*** Opening STUDY MATERIAL ***

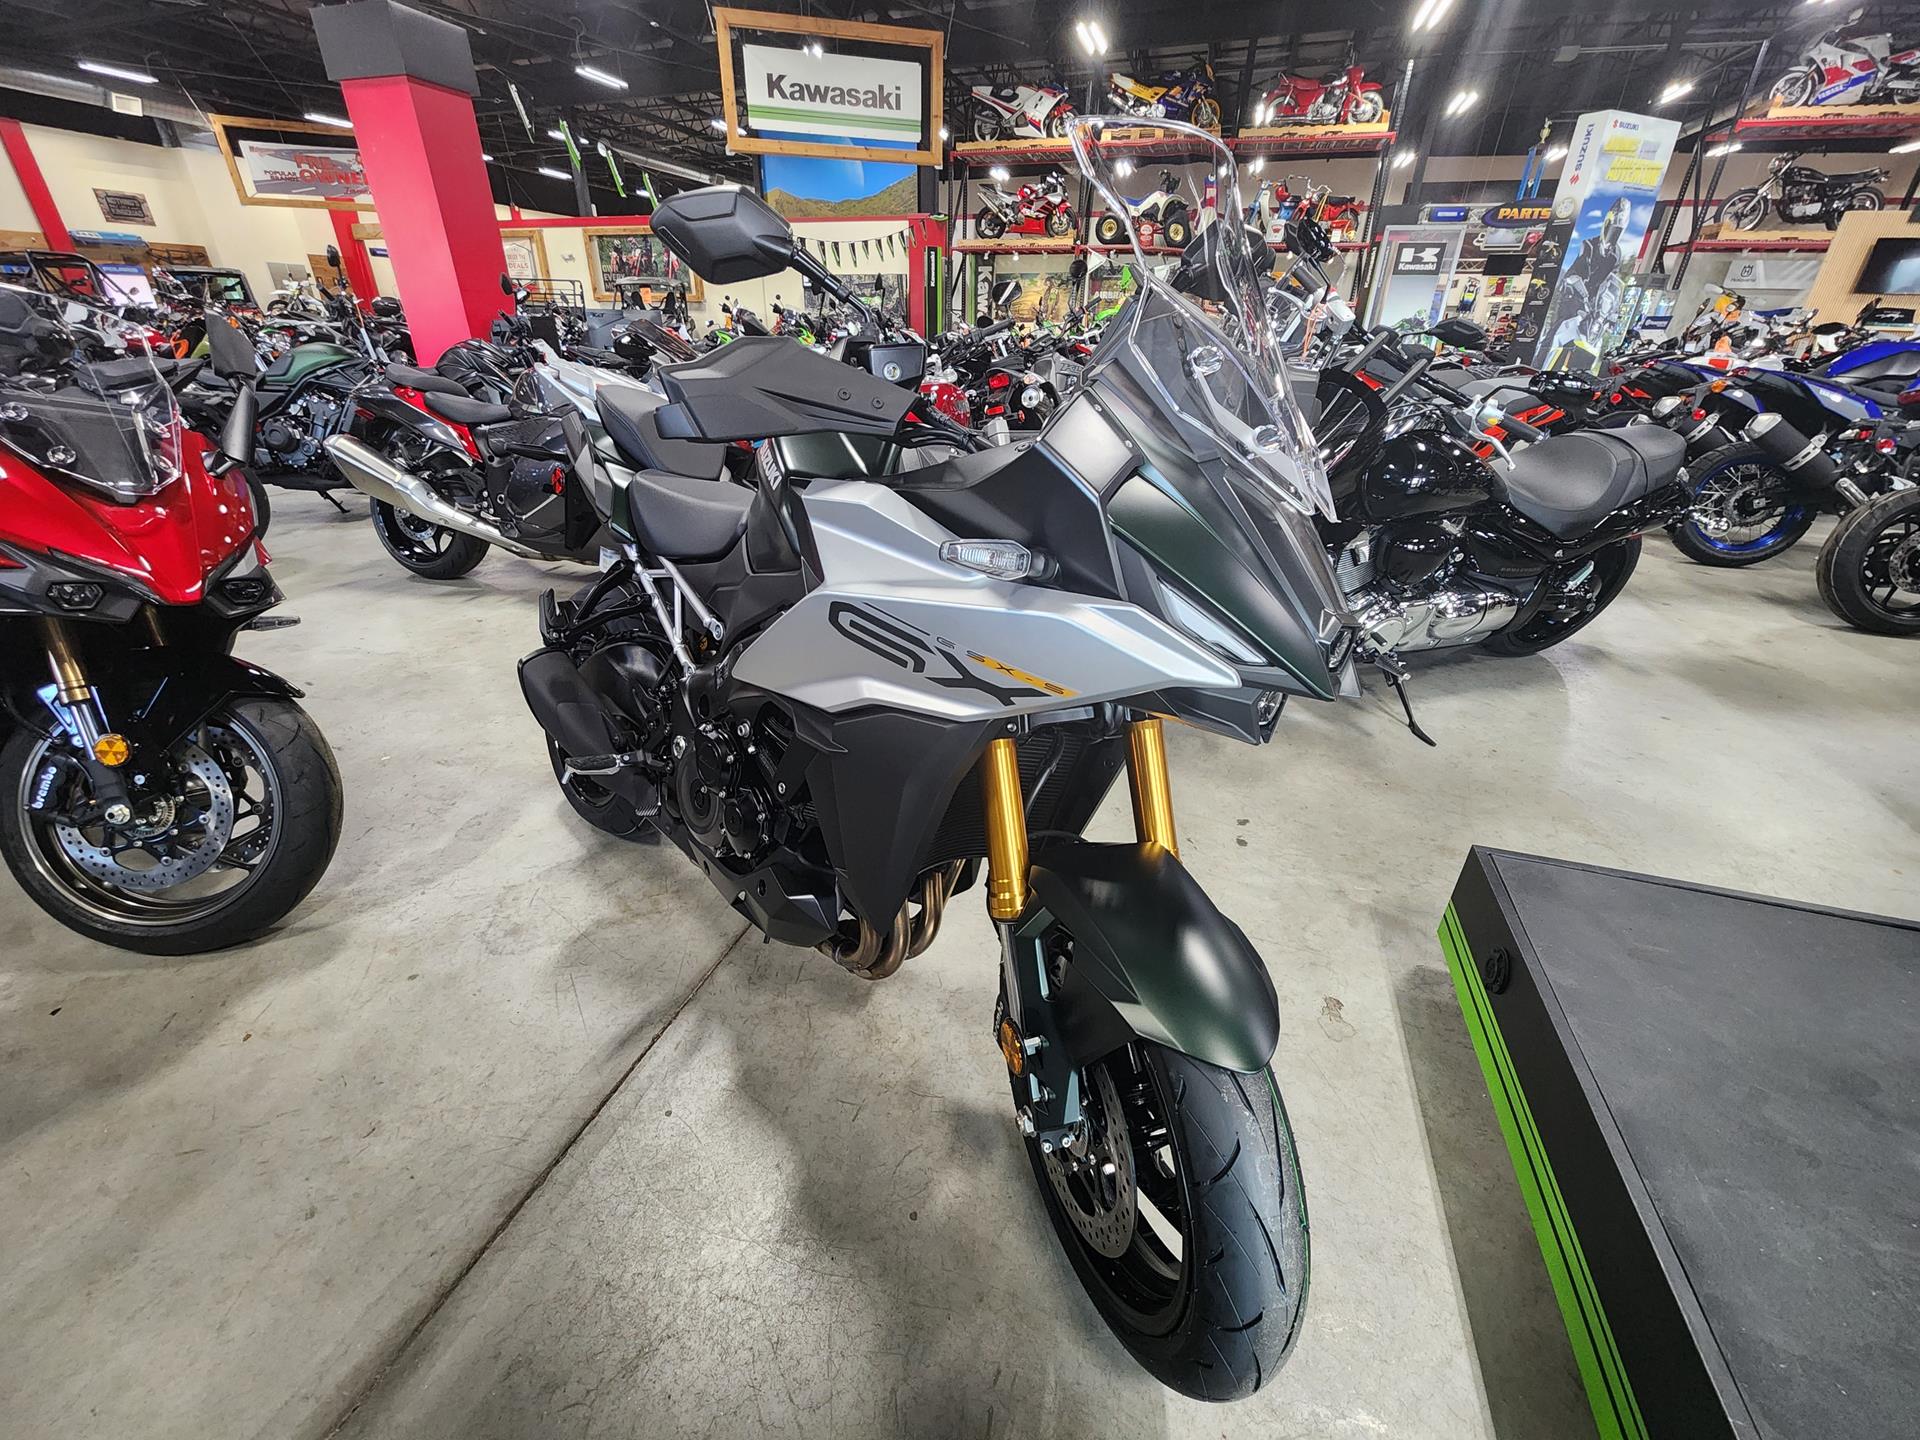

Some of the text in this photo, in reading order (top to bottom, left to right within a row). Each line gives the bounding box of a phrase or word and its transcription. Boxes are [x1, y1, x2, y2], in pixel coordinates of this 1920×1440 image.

[766, 72, 902, 111] Kawasaki
[1619, 120, 1640, 131] SUZUKI
[1575, 122, 1596, 172] SUZUKI
[264, 169, 297, 177] POPULAR
[299, 168, 368, 185] OWNE
[1497, 207, 1553, 220] PARTS
[1398, 262, 1437, 271] Kawasaki
[31, 766, 58, 809] brembo
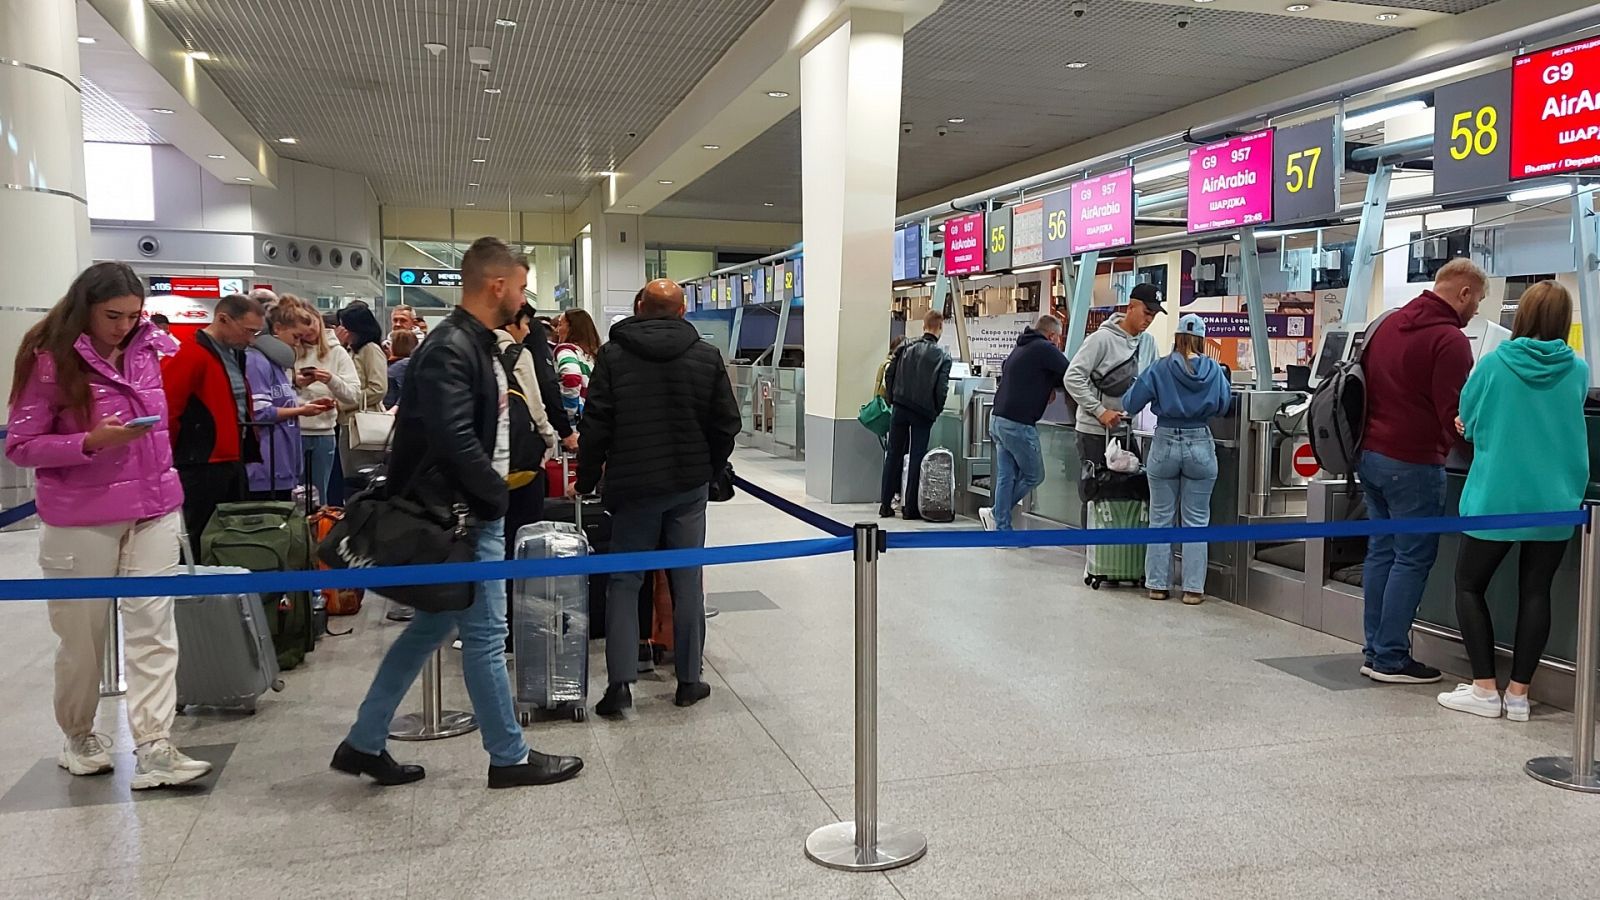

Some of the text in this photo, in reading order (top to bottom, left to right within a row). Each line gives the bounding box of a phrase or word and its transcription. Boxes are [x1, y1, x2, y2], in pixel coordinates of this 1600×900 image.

[1542, 62, 1574, 85] G9
[1450, 106, 1498, 160] 58
[1202, 147, 1252, 169] G9 957
[1286, 147, 1322, 193] 57
[1081, 182, 1117, 201] G9 957
[1202, 170, 1256, 194] AirArabia
[1081, 201, 1120, 221] AirArabia
[1209, 196, 1246, 211] ШАРДЖА
[964, 222, 974, 233] 957
[1048, 210, 1067, 241] 56
[951, 237, 977, 251] AirArabia
[991, 226, 1006, 254] 55
[785, 271, 793, 290] 52
[980, 328, 1001, 336] Скоро

*** Closing STUDY MATERIAL ***

The material is to be written out word for word, and the pictures are to be left out.

» TASK ANSWER:
Some of the text in this photo, in reading order (top to bottom, left to right within a row). Each line gives the bounding box of a phrase or word and its transcription. Boxes are [x1, y1, x2, y2], in pixel coordinates of this 1920×1440 image.

[766, 72, 902, 111] Kawasaki
[1619, 120, 1640, 131] SUZUKI
[1575, 122, 1596, 172] SUZUKI
[264, 169, 297, 177] POPULAR
[299, 168, 368, 185] OWNE
[1497, 207, 1553, 220] PARTS
[1398, 262, 1437, 271] Kawasaki
[31, 766, 58, 809] brembo

Some of the text in this photo, in reading order (top to bottom, left to right within a row). Each line gives the bounding box of a phrase or word and its transcription. Boxes are [x1, y1, x2, y2], in pixel coordinates of this 1600×900 image.

[1542, 62, 1574, 85] G9
[1450, 106, 1498, 160] 58
[1202, 147, 1252, 169] G9 957
[1286, 147, 1322, 193] 57
[1081, 182, 1117, 201] G9 957
[1202, 170, 1256, 194] AirArabia
[1081, 201, 1120, 221] AirArabia
[1209, 196, 1246, 211] ШАРДЖА
[964, 222, 974, 233] 957
[1048, 210, 1067, 241] 56
[951, 237, 977, 251] AirArabia
[991, 226, 1006, 254] 55
[785, 271, 793, 290] 52
[980, 328, 1001, 336] Скоро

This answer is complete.